### TASK PROMPT
Would you please write out each entry precisely as given?

### DATA SECTION
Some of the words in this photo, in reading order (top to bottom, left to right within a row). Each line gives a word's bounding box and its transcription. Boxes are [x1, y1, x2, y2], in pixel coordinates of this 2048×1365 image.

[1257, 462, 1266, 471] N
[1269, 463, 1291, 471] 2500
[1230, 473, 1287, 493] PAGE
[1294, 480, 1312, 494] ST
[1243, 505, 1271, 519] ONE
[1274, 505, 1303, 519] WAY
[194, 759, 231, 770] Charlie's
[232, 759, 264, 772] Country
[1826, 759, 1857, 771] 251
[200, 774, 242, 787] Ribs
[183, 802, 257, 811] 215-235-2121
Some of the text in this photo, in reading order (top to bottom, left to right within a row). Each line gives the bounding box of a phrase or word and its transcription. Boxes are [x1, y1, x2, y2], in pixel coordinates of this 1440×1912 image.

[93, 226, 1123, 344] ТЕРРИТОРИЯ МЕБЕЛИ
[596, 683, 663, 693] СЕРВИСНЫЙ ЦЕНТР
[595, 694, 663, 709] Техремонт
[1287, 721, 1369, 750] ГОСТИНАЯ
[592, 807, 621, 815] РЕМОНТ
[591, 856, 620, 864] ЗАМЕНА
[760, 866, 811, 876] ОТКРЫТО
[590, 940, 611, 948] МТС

### ANSWER AREA
Some of the words in this photo, in reading order (top to bottom, left to right within a row). Each line gives a word's bounding box and its transcription. Boxes are [x1, y1, x2, y2], in pixel coordinates of this 2048×1365 image.

[1257, 462, 1266, 471] N
[1269, 463, 1291, 471] 2500
[1230, 473, 1287, 493] PAGE
[1294, 480, 1312, 494] ST
[1243, 505, 1271, 519] ONE
[1274, 505, 1303, 519] WAY
[194, 759, 231, 770] Charlie's
[232, 759, 264, 772] Country
[1826, 759, 1857, 771] 251
[200, 774, 242, 787] Ribs
[183, 802, 257, 811] 215-235-2121
Some of the text in this photo, in reading order (top to bottom, left to right within a row). Each line gives the bounding box of a phrase or word and its transcription. Boxes are [x1, y1, x2, y2], in pixel coordinates of this 1440×1912 image.

[93, 226, 1123, 344] ТЕРРИТОРИЯ МЕБЕЛИ
[596, 683, 663, 693] СЕРВИСНЫЙ ЦЕНТР
[595, 694, 663, 709] Техремонт
[1287, 721, 1369, 750] ГОСТИНАЯ
[592, 807, 621, 815] РЕМОНТ
[591, 856, 620, 864] ЗАМЕНА
[760, 866, 811, 876] ОТКРЫТО
[590, 940, 611, 948] МТС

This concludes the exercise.